**What you are asked to do:** Write the records below out in full, character for character, with no pictures.

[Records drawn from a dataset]
--- START ---

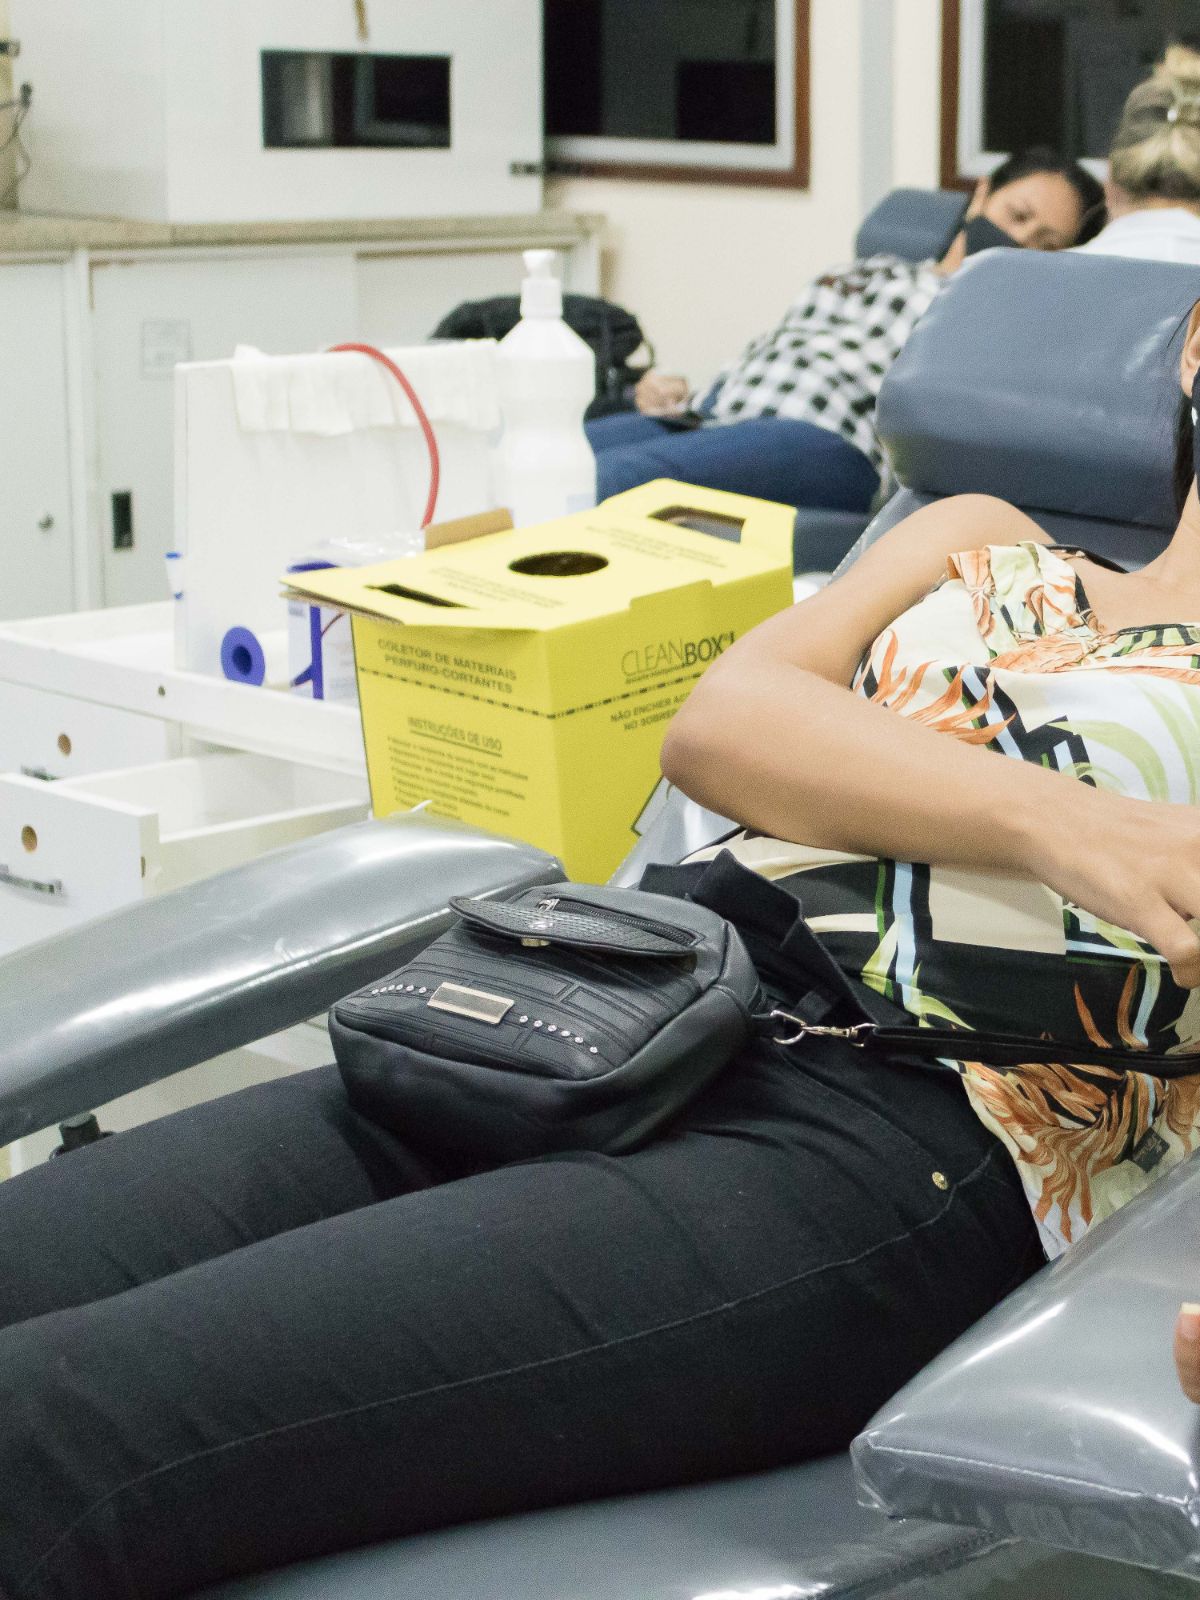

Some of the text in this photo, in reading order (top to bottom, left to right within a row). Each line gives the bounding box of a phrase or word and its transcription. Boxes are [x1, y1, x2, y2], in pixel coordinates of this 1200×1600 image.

[377, 638, 517, 681] COLETOR DE MATERIAIS
[467, 731, 480, 745] DE
[482, 735, 502, 751] USO
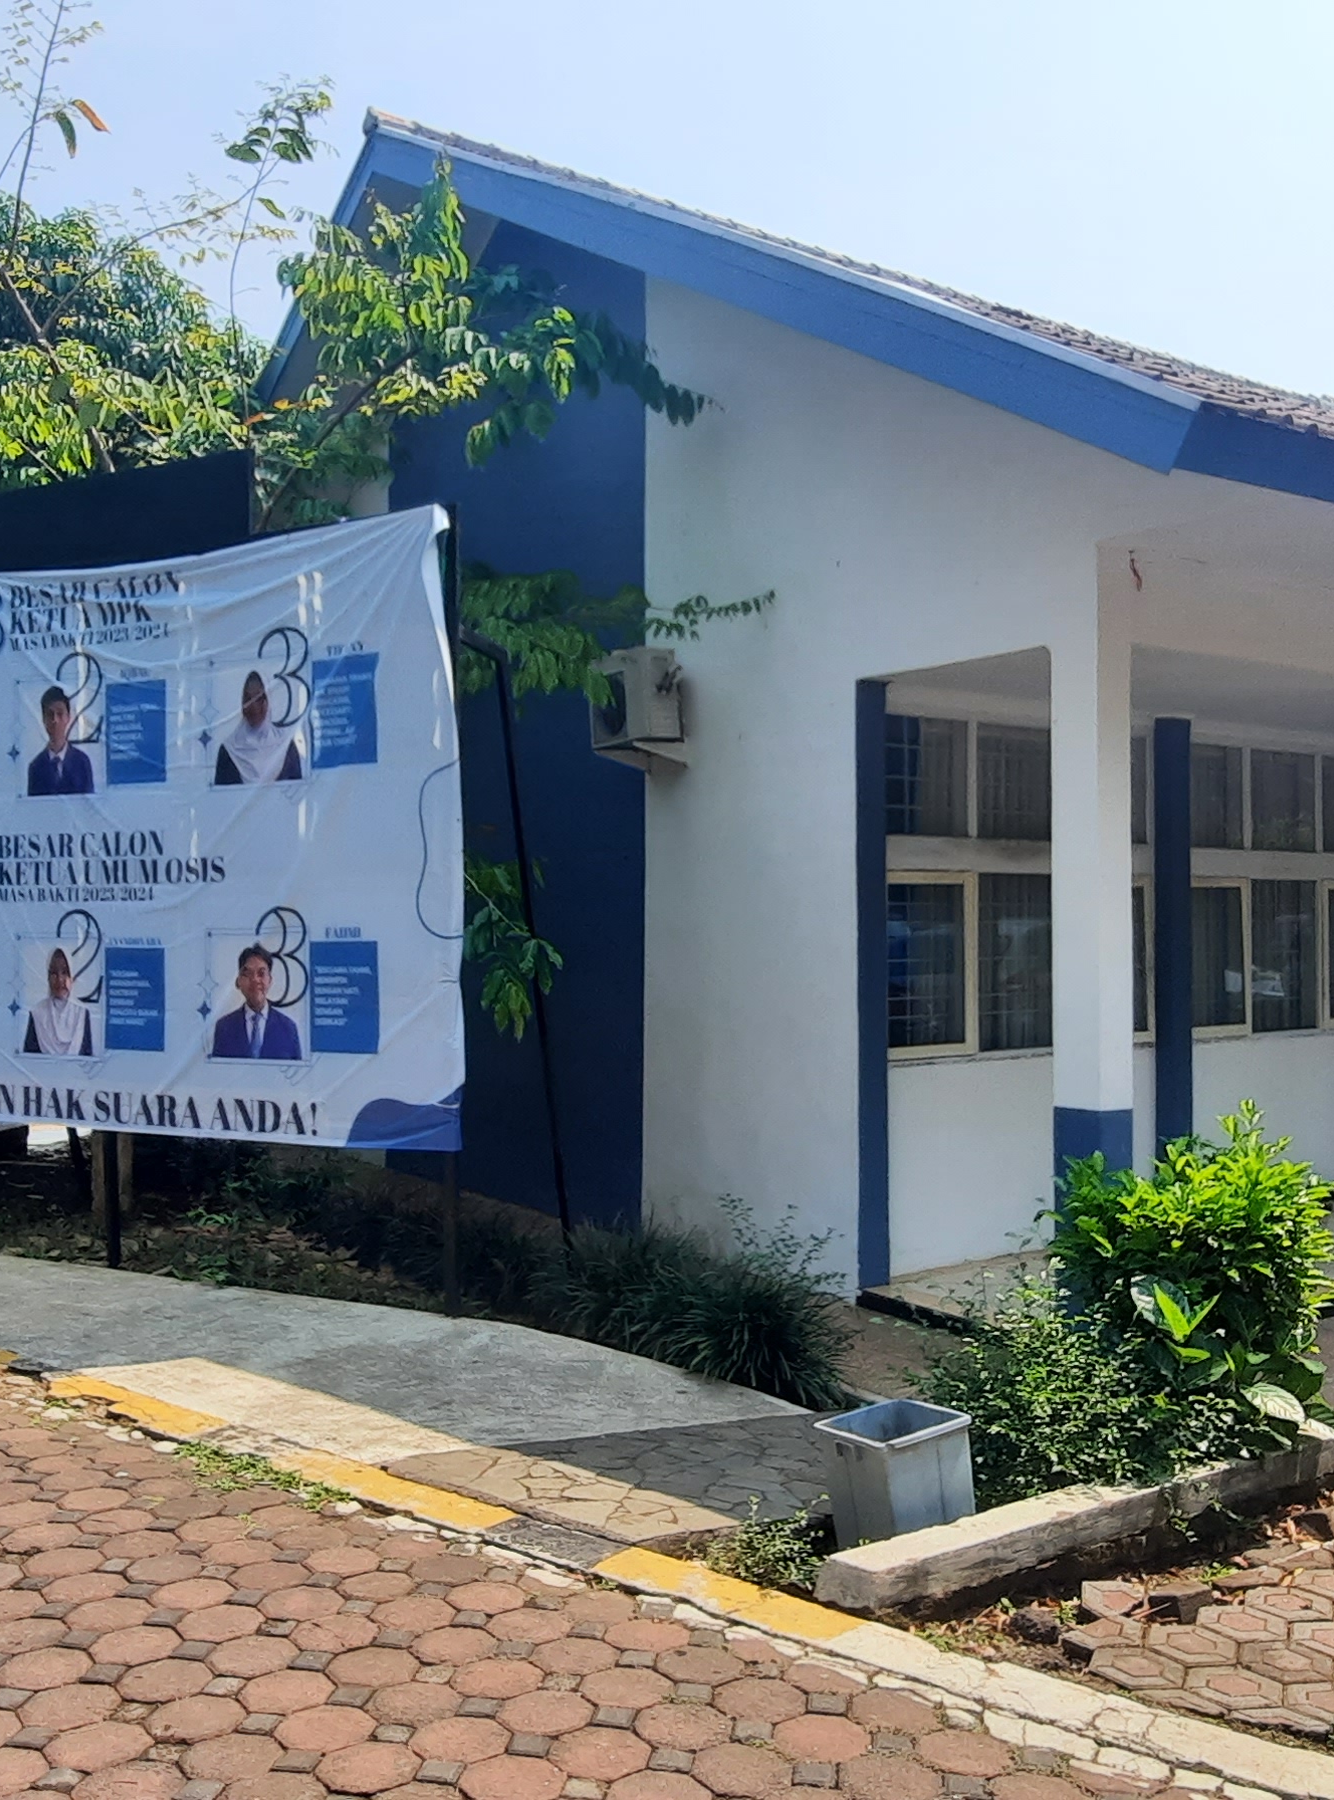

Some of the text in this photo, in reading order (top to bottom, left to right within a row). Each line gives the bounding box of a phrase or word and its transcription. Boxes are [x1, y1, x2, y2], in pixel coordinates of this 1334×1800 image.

[10, 571, 180, 609] BESAR CALON
[9, 600, 152, 635] KETUA MPK
[56, 651, 103, 744] 2
[258, 627, 311, 728] 3
[79, 830, 165, 858] CALON
[82, 858, 160, 886] UMUM
[164, 856, 227, 884] OSIS
[36, 887, 80, 902] BAKTI
[56, 908, 104, 1003] 2
[255, 906, 308, 1007] 3
[23, 1085, 86, 1121] HAK
[93, 1091, 202, 1130] SUARA
[202, 1098, 318, 1138] ANDA!

--- END ---

**Result of the task:**
Some of the text in this photo, in reading order (top to bottom, left to right within a row). Each line gives the bounding box of a phrase or word and its transcription. Boxes are [x1, y1, x2, y2], in pixel coordinates of this 1200×1600 image.

[377, 638, 517, 681] COLETOR DE MATERIAIS
[467, 731, 480, 745] DE
[482, 735, 502, 751] USO

Some of the text in this photo, in reading order (top to bottom, left to right within a row). Each line gives the bounding box of a phrase or word and its transcription. Boxes are [x1, y1, x2, y2], in pixel coordinates of this 1334×1800 image.

[10, 571, 180, 609] BESAR CALON
[9, 600, 152, 635] KETUA MPK
[56, 651, 103, 744] 2
[258, 627, 311, 728] 3
[79, 830, 165, 858] CALON
[82, 858, 160, 886] UMUM
[164, 856, 227, 884] OSIS
[36, 887, 80, 902] BAKTI
[56, 908, 104, 1003] 2
[255, 906, 308, 1007] 3
[23, 1085, 86, 1121] HAK
[93, 1091, 202, 1130] SUARA
[202, 1098, 318, 1138] ANDA!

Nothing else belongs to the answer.